Chapter 1. User Guide

Table of Contents

Tutorial: Getting Started with XMLProbe

Tutorial: Getting Started with XMLProbe

What is XMLProbe?

XMLProbe is an XML content quality assurance tool. It processes XML documents, applying human-authored rules and emitting a report according to those rules. Rules are expressed using XPath 1.0 and XML within an open framework language called SILCN (pronounced as 'silken'), which is a flexible, lightweight framework for selecting, identifying and locating sets of common nodes in XML documents.

The learning curve for XMLProbe will therefore be gentle if you already have some knowledge of XML and XPath. However, even if you have no previous experience of using XPath expressions, the tutorial will show you how XMLProbe may be customized for your own quality assurance requirements with a minimum of delay.

The Validation Process

In simplest terms, XMLProbe's task is to:

  1. use XPath expressions given in a SILCN rule to locate particular 'bad' nodes in your document

  2. report its findings in the form of messages specified in your rules.

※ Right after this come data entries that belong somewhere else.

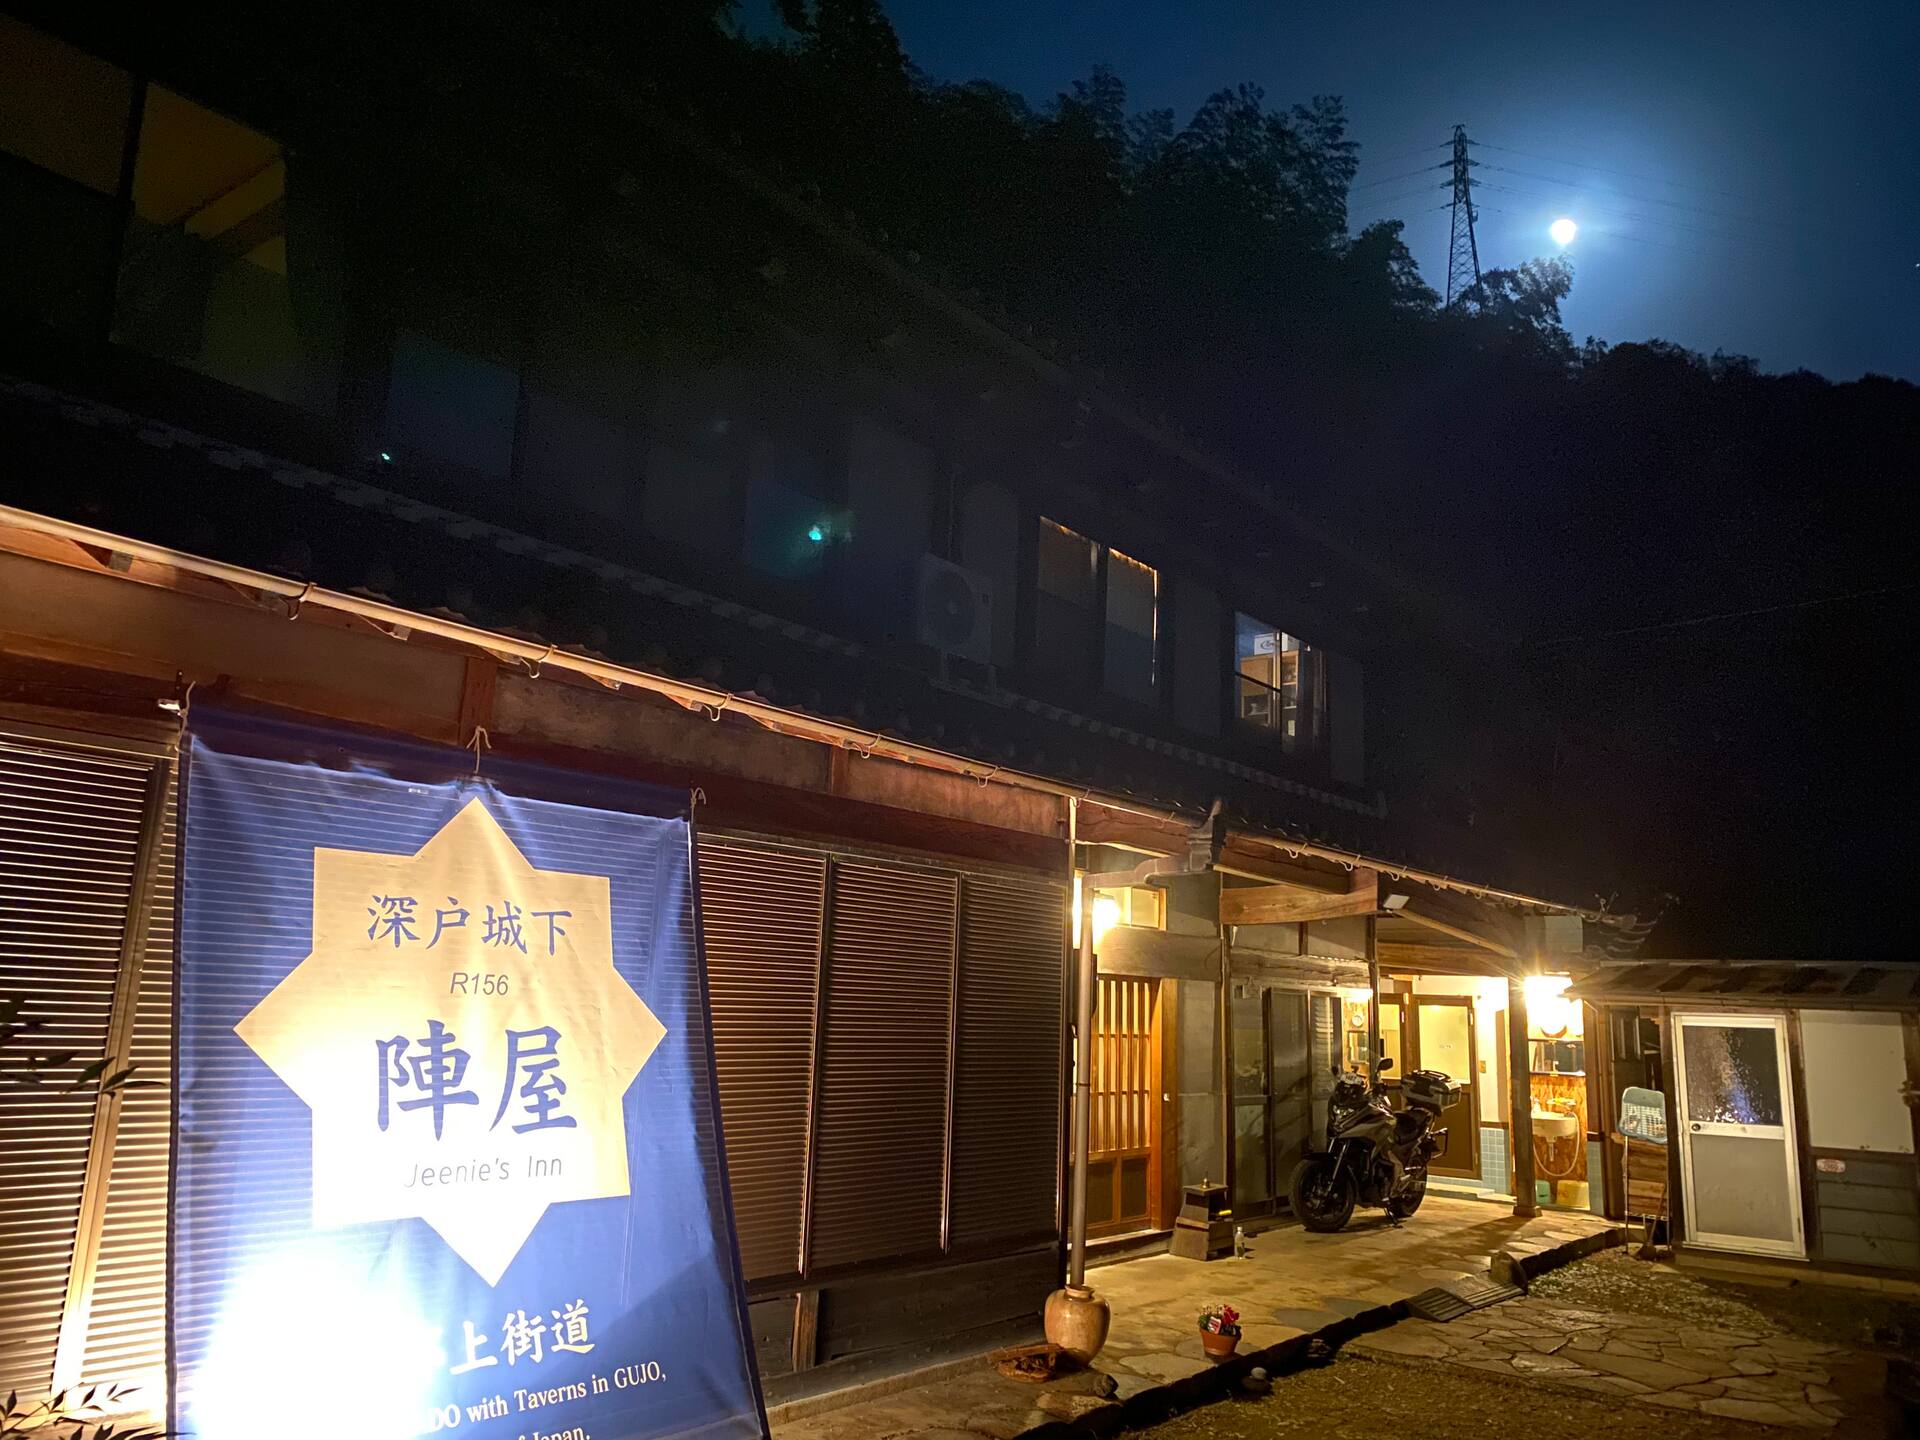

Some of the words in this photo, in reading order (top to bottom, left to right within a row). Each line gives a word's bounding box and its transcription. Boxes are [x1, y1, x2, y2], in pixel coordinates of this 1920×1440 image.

[450, 972, 509, 997] R156
[375, 1018, 578, 1142] 陣屋
[403, 1157, 510, 1189] Jeenie's
[527, 1154, 563, 1179] Inn
[424, 1298, 596, 1377] 上街道
[465, 1394, 510, 1423] with
[513, 1380, 587, 1413] Taverns
[591, 1373, 610, 1396] in
[613, 1360, 668, 1389] GUJO,

The report itself is an XML document, (let's say it is 'report.xml' for our purposes), and you can then make full use of the flexibility of XML itself to do such things as:

  • produce expressive, easy-to-read QA reports as web pages

  • trigger other automated processes (e.g. email alerting)

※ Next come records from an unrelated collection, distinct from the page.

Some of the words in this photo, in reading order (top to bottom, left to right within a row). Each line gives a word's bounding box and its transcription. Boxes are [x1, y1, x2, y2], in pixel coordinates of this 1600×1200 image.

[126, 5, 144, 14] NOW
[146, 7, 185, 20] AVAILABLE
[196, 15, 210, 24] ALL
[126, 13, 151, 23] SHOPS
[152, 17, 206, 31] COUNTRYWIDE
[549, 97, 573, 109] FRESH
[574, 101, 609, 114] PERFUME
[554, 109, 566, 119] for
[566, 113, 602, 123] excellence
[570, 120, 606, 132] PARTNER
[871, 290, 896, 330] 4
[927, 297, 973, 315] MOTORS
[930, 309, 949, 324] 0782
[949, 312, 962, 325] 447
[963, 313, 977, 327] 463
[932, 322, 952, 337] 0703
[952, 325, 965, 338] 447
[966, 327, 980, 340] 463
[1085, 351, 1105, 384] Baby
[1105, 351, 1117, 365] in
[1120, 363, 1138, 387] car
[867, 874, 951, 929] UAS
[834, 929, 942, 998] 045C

  • feed into data-cleansing software.

In this document, we assume the process is produce an HTML quality report on a document (say, 'to-test.xml'). In this case the order of processing is:

Installing and running XMLProbe

Place the executable JAR provided (xmlprobe.jar) in an appropriate location on your computer. You will also need to have the Sun Java JDK 1.4 or later installed. For Java downloads, please see http://java.sun.com/.

Pass the sys id of the rules file and the XML file to be processed to XMLProbe as follows:

java -jar xmlprobe.jar {rules doc} {doc to test} [>] [report file]

Anatomy of an XMLProbe configuration file

XMLProbe QA rules may be prepared with any XML editor (e.g. a plain text editor) and stored as a native XML file for use by XMLProbe.

An XMLProbe configuration file can be thought of as falling into two main parts:

  1. XML that configures the tool behaviour

  2. The QA rules.

Typically the configuration options will not be changed very much, once set up for a particular workflow. The quickest way to see what sort of options they cover is to refer to the comments in the supplied skeleton.xml rules file which is included in the distribution in the extras/rules folder. More detailed technical documentation can be found in the later sections of this document.

The remainder of the configuration instance consists of QA rules, and it is the writing of these that this tutorial will cover.

To get you started as quickly as possible and to give you some idea of the capabilities of XMLProbe, this tutorial includes an example that demonstrates the beginning stages of rules development.

Writing XMLProbe rules

The example file wai-qa.xml contains a set of rules to check any given XHTML document against the Web Accessibility Initiative (WAI) Guidelines (http://www.w3.org/TR/WCAG10/). Once you have reviewed the example, you can explore XMLProbe further by writing some new QA rules, or by modifying some of the rules provided. You may also test the flexibility of the resulting report by using and adapting the XSLT scripts.

An Example: Generating a WAI conformance report

Each XMLProbe QA rules is encapsulated by a silcn:set-criterion element within the supplied wai-qa.xml instance.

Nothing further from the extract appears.